Go through the records and give each one again exactly, omitting the images.
----------------------------------------
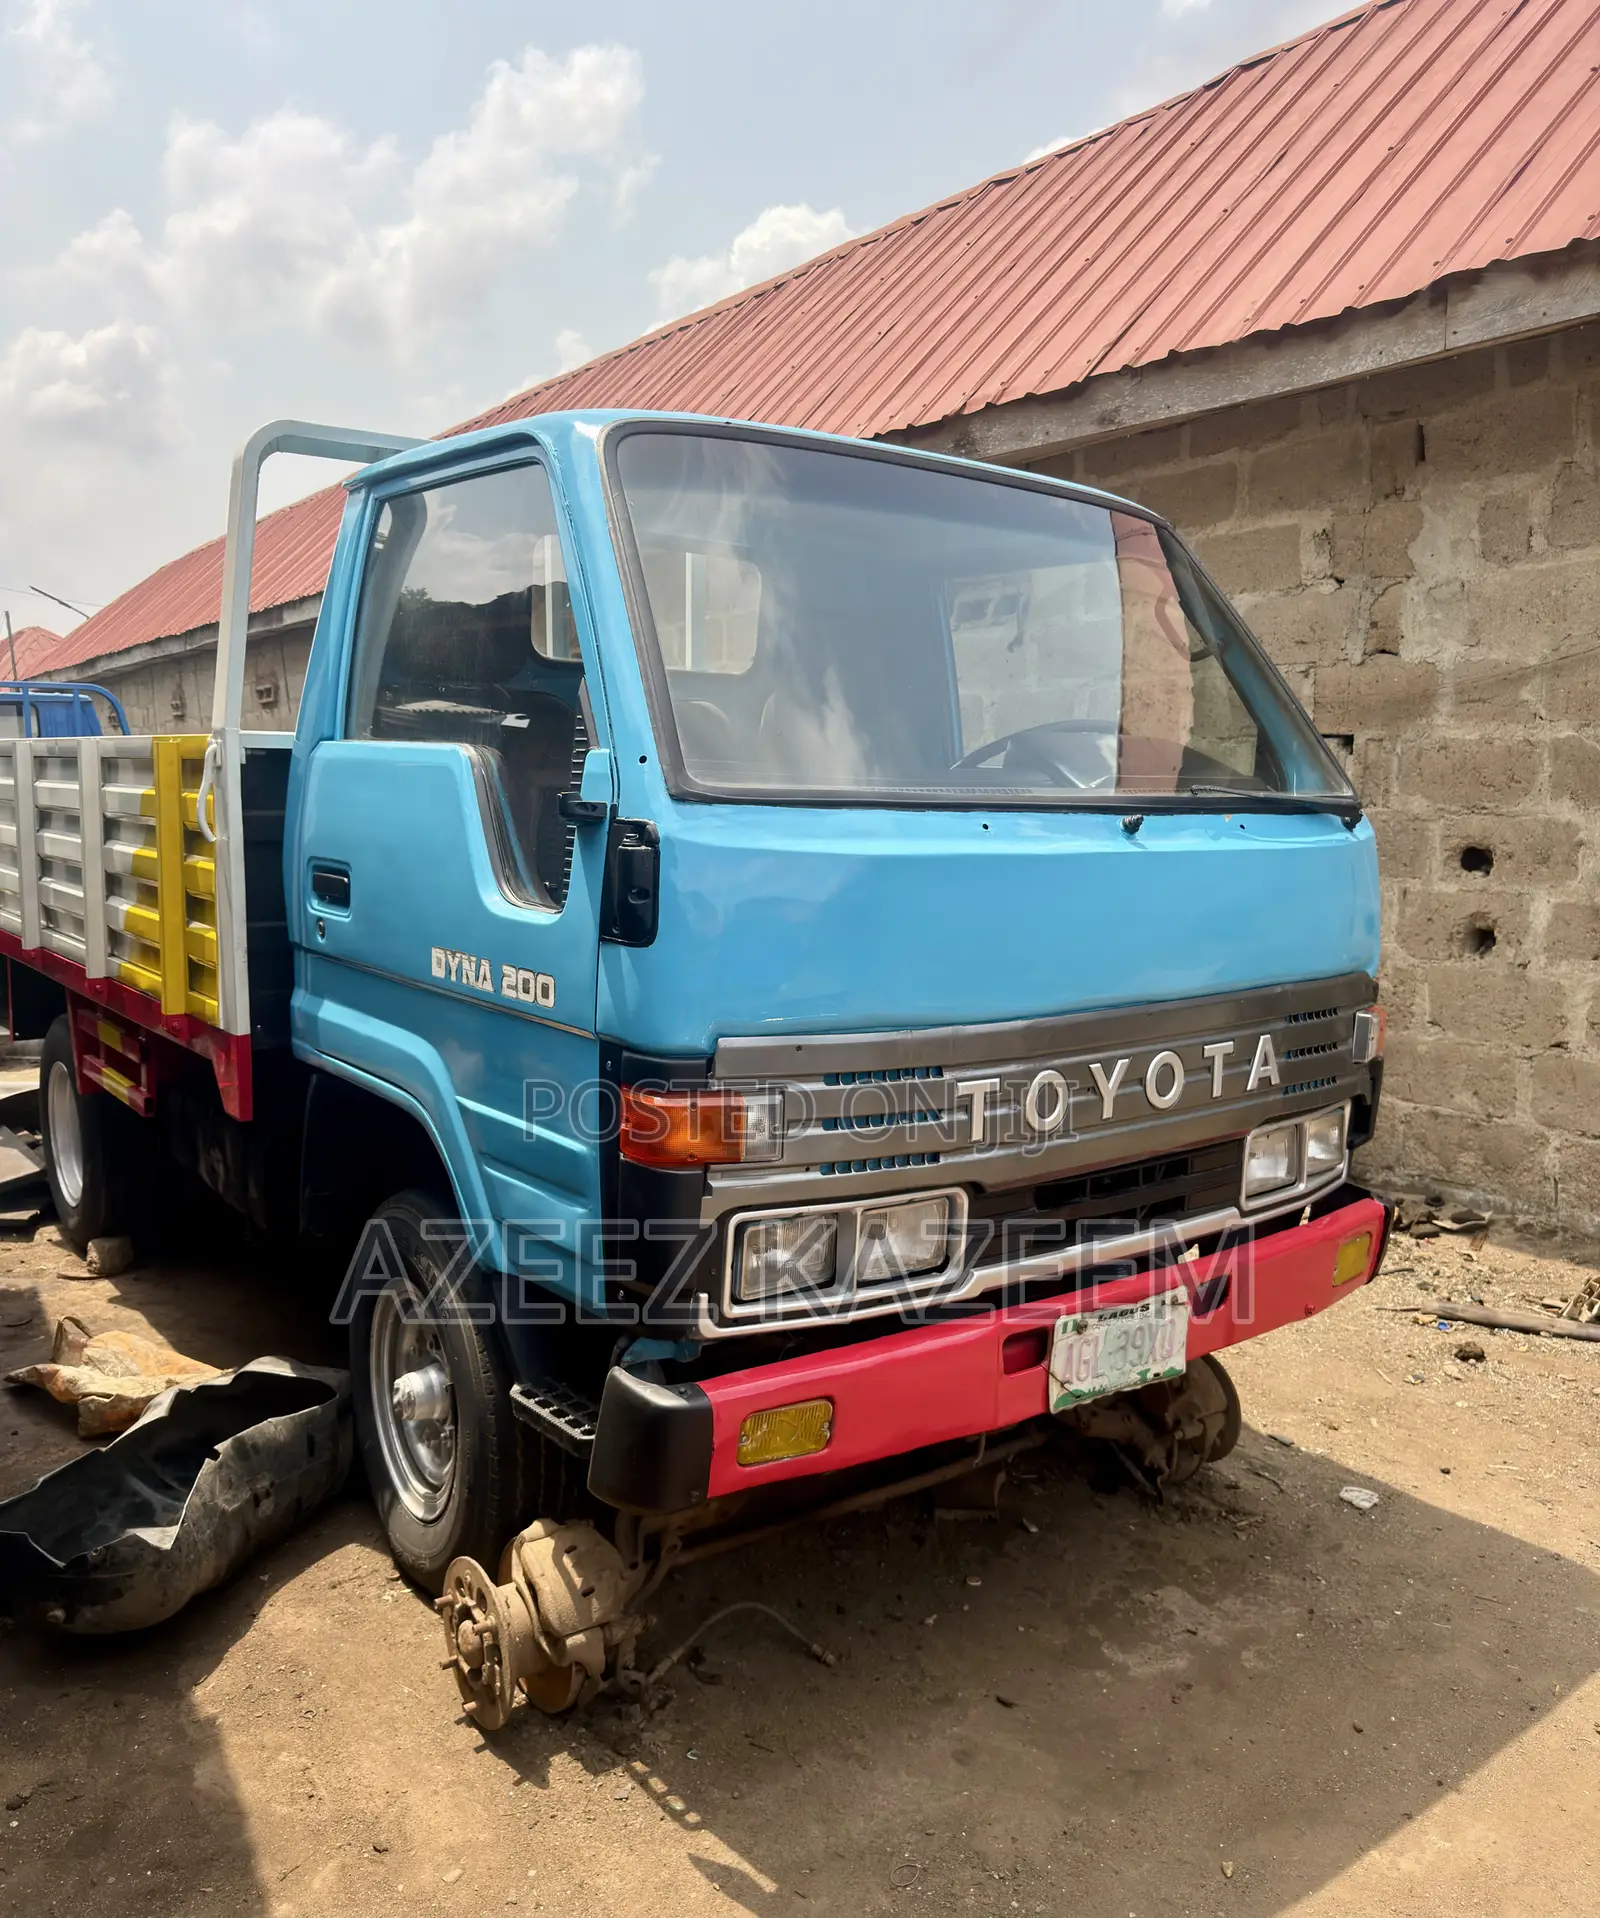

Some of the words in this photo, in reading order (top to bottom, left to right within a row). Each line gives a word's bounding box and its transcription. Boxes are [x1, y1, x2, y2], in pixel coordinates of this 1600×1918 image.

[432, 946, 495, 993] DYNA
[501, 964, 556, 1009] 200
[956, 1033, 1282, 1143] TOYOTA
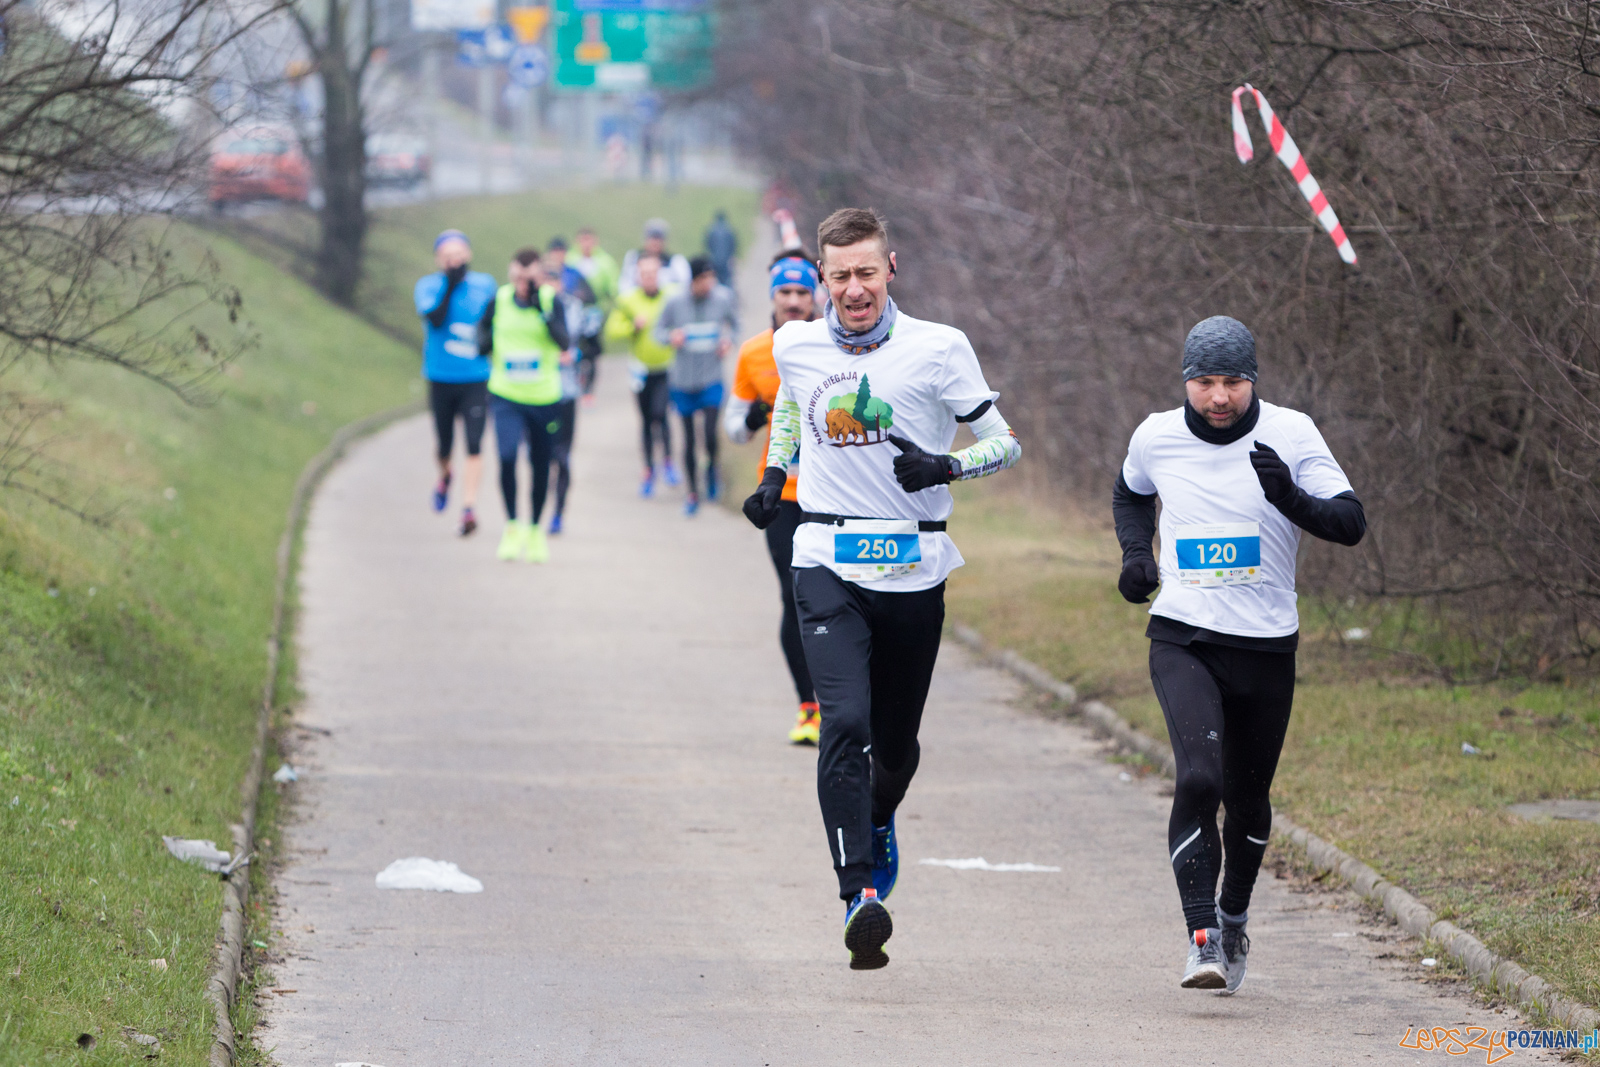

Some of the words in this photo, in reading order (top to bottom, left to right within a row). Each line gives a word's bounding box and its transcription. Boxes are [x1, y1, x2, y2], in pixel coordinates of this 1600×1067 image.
----------------------------------------
[Response]
Some of the words in this photo, in reading order (top to bottom, left to right within a row). Each line gives a word's bounding box and its transcription. Boxes are [x1, y1, x2, y2], in pixel coordinates of this 1600×1918 image.

[432, 946, 495, 993] DYNA
[501, 964, 556, 1009] 200
[956, 1033, 1282, 1143] TOYOTA

Some of the words in this photo, in reading order (top to bottom, left to right within a row). Each line gives a word's bounding box and its transcription. Boxes are [x1, y1, x2, y2], in pixel coordinates of this 1600×1067 image.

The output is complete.